Task:
Although the entries contain pictures, write out only their text, exactly as it stands.

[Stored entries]
####################

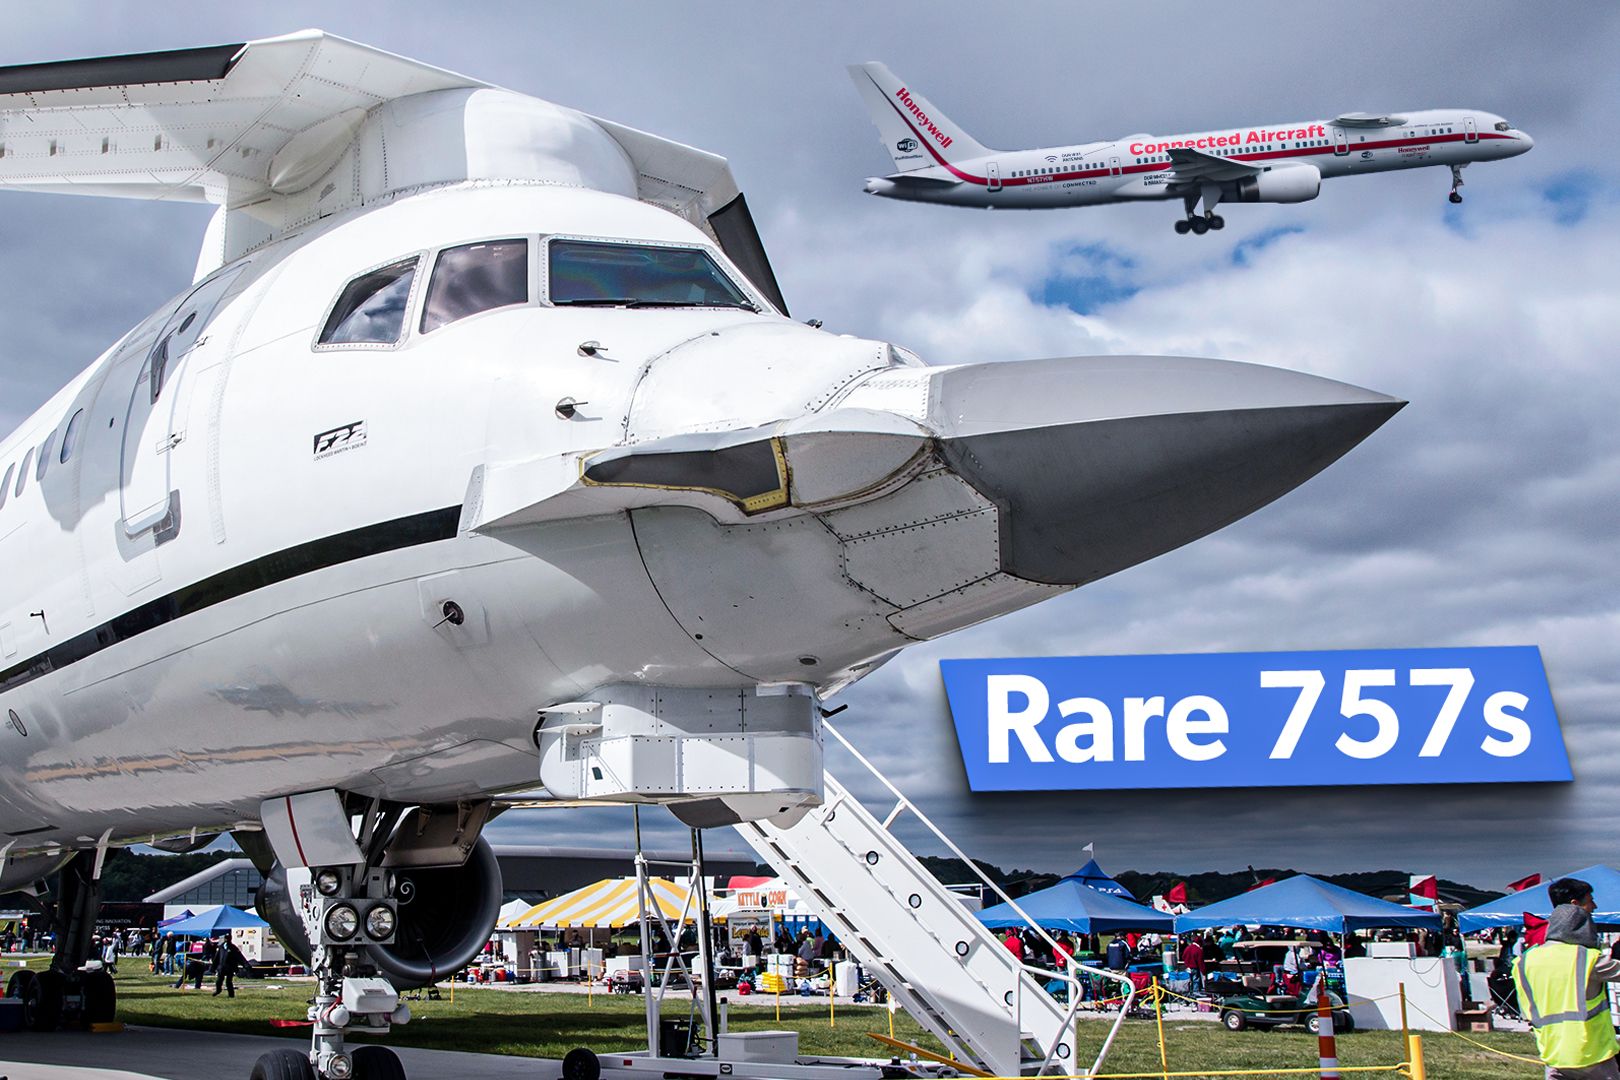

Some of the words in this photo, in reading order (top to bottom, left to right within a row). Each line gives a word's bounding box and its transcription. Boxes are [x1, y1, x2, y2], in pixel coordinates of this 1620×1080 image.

[895, 87, 953, 149] Honeywell
[1129, 133, 1241, 156] Connected
[1245, 125, 1326, 144] Aircraft
[1398, 145, 1430, 153] Honeywell
[1062, 180, 1097, 189] CONNECTED
[737, 891, 760, 907] KETTLE
[768, 890, 787, 905] CORN

####################

Solution for this task:
Some of the words in this photo, in reading order (top to bottom, left to right within a row). Each line gives a word's bounding box and its transcription. Boxes are [x1, y1, x2, y2], in pixel coordinates of this 1620×1080 image.

[895, 87, 953, 149] Honeywell
[1129, 133, 1241, 156] Connected
[1245, 125, 1326, 144] Aircraft
[1398, 145, 1430, 153] Honeywell
[1062, 180, 1097, 189] CONNECTED
[737, 891, 760, 907] KETTLE
[768, 890, 787, 905] CORN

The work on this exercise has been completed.